Fatigue, nausea and muscle cramps may be alarm bells of a magnesium deficiency. This mineral is essential for the well-being of the human body because it promotes the well-being of nerves, muscles and bones. It also helps regulate blood pressure and metabolize fat, taken with the diet.
Magnesium is often lacking and it is necessary to take it with certain foods such as leaf vegetables, legumes and cereals.
What is Magnesium?
Magnesium is a fundamental mineral present for 60% in our bones and muscles and for only 1% in the blood. This mineral is a vital element for energy metabolism and the functioning of the nervous system because it manages the transmission of nerve stimuli to the muscles and regulates communication between neurons and muscle cells.

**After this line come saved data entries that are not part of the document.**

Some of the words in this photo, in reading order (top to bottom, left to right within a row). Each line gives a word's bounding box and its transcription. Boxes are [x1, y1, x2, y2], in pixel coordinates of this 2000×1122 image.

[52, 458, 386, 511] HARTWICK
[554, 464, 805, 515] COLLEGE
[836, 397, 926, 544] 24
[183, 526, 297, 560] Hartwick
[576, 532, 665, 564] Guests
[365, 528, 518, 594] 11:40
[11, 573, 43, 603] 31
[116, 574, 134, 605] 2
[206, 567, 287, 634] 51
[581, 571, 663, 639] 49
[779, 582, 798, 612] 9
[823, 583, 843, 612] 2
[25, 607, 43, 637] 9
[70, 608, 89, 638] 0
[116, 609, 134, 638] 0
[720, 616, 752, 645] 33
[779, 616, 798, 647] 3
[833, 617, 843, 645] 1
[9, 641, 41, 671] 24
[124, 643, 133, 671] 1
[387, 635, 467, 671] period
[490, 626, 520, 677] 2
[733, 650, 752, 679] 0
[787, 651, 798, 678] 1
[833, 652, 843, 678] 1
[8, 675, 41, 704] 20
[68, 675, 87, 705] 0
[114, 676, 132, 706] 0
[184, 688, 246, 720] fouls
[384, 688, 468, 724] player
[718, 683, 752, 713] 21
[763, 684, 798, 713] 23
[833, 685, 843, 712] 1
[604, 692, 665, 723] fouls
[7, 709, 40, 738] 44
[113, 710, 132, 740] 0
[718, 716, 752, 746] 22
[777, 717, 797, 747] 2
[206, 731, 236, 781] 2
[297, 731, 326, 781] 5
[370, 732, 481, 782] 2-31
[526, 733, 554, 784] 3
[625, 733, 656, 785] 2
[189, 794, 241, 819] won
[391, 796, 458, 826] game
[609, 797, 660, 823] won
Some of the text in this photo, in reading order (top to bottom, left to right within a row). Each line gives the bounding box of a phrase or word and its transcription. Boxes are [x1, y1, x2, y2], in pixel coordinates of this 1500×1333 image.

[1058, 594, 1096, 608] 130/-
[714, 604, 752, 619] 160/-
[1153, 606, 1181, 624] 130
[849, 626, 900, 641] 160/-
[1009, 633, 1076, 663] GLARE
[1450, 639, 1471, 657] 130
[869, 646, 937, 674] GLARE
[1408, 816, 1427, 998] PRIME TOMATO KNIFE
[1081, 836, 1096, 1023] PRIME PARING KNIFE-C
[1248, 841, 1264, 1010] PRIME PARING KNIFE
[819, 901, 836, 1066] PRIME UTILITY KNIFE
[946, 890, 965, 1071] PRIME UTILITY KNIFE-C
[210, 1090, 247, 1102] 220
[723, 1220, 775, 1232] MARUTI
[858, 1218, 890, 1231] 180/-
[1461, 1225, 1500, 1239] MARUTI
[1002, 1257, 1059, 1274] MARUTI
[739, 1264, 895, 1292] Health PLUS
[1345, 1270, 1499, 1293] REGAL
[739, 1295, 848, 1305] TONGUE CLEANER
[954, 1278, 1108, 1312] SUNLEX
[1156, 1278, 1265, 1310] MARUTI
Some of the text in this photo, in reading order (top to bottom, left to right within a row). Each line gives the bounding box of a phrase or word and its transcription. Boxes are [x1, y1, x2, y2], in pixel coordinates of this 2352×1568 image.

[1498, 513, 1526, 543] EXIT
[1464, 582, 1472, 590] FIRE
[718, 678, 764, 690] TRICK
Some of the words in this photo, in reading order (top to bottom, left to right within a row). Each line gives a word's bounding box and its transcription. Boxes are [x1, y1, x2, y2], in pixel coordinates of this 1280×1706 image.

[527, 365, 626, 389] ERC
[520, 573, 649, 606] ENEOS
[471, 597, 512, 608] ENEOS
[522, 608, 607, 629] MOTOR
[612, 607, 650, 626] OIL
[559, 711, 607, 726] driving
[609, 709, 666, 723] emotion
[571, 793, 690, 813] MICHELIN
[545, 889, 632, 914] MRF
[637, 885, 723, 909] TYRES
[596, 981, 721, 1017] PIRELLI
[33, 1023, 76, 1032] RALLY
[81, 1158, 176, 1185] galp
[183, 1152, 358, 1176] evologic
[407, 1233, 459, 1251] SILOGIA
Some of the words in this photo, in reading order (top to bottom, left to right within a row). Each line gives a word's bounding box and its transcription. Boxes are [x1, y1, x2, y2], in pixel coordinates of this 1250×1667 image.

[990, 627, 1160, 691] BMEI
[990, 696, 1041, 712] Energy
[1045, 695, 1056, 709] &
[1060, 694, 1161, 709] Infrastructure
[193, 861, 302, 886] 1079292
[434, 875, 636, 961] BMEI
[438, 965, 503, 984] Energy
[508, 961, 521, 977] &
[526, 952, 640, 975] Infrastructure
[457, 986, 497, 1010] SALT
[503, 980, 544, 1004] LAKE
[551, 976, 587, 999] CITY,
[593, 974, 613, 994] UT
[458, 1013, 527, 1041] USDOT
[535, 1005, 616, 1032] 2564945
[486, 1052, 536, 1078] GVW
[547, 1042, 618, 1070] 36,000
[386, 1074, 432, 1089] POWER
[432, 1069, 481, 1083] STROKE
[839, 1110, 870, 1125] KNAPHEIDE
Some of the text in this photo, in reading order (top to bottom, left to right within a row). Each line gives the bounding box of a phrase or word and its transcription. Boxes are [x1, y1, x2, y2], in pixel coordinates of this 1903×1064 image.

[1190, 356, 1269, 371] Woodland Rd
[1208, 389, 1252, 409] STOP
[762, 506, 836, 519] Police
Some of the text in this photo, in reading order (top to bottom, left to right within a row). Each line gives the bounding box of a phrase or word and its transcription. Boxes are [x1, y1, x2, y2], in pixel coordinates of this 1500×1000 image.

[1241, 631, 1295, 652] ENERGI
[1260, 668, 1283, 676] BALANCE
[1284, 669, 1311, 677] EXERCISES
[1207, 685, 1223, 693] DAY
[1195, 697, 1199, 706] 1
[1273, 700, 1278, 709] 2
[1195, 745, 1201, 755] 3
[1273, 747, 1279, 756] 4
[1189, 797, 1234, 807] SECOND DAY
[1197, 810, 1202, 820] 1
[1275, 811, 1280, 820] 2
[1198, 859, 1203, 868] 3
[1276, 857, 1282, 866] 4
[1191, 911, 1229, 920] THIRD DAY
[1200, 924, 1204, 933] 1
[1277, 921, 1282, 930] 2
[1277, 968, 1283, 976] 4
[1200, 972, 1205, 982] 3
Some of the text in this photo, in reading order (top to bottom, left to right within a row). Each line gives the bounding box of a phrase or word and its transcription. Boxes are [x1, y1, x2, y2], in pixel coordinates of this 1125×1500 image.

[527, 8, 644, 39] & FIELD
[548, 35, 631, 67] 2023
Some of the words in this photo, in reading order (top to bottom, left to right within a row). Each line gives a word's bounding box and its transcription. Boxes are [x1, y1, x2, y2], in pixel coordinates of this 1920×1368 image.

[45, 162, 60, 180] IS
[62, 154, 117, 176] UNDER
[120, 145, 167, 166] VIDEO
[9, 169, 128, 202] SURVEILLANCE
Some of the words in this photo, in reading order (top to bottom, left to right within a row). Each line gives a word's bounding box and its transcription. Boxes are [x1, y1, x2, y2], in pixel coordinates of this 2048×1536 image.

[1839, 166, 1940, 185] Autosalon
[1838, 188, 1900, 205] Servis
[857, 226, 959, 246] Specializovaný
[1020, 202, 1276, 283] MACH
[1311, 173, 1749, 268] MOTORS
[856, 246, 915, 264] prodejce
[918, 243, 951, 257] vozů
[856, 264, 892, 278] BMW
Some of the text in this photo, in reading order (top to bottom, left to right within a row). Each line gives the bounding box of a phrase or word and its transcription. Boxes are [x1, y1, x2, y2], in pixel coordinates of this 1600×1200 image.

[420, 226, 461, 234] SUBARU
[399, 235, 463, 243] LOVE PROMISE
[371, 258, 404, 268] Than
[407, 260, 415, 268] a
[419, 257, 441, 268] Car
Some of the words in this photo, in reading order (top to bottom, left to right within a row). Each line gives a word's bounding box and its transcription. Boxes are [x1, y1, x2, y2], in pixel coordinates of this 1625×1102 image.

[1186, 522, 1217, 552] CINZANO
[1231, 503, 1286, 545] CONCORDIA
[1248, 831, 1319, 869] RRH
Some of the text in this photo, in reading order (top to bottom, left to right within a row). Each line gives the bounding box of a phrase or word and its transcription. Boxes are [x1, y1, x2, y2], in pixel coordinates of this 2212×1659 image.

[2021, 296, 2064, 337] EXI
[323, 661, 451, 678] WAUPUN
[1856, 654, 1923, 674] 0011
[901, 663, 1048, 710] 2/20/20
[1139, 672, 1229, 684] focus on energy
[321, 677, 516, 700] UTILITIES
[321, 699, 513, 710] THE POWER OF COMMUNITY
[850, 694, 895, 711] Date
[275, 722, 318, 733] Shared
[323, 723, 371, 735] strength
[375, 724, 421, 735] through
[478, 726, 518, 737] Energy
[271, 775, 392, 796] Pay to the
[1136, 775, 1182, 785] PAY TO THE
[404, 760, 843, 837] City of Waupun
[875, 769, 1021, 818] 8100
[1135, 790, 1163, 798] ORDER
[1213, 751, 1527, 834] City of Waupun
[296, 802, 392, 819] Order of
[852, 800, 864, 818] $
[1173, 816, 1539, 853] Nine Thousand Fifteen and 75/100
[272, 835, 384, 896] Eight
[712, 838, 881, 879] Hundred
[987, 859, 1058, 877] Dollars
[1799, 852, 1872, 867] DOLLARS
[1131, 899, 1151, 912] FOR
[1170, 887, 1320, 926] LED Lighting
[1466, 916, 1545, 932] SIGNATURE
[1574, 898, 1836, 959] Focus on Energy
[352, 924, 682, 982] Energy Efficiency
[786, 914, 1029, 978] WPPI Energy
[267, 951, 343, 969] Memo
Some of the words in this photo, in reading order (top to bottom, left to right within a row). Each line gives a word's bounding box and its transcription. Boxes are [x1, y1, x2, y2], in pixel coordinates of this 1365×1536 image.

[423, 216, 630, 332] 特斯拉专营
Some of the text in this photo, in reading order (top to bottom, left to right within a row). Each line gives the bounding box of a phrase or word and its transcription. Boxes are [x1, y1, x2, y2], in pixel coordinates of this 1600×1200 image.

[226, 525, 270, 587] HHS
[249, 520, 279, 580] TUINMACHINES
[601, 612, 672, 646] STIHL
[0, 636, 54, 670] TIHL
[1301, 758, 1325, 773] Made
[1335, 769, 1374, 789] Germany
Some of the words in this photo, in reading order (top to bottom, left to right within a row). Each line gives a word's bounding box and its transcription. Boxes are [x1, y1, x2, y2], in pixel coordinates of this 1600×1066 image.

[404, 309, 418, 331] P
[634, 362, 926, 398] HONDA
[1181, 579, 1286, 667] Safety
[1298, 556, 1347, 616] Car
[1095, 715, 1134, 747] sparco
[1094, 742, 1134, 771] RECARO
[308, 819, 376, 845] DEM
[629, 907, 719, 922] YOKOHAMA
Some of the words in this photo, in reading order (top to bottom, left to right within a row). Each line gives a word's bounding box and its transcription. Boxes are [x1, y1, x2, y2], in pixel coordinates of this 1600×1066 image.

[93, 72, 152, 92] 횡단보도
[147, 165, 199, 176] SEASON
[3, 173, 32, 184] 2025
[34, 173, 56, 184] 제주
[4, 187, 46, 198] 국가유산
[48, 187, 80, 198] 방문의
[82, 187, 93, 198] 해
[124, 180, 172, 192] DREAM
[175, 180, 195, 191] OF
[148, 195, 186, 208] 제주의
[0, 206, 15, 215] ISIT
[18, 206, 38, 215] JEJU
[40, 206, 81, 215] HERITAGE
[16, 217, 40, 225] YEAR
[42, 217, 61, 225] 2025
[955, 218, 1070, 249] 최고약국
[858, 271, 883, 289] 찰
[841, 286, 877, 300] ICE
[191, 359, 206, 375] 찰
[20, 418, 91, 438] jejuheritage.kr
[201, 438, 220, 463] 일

It is also important because it helps the body to assimilate some important vitamins B, C, D and E vitamins. Thanks to this function, the body is facilitated in bone formation and in strengthening the immune system. It also allows to adjust the heart rate, preventing heart attack and hypertension.
Magnesium Damage: Symptoms
Very often magnesium deficiency occurs with non-specific symptoms, which may affect various parts of the body. In general, care should be taken if two or more of the following symptoms occur simultaneously …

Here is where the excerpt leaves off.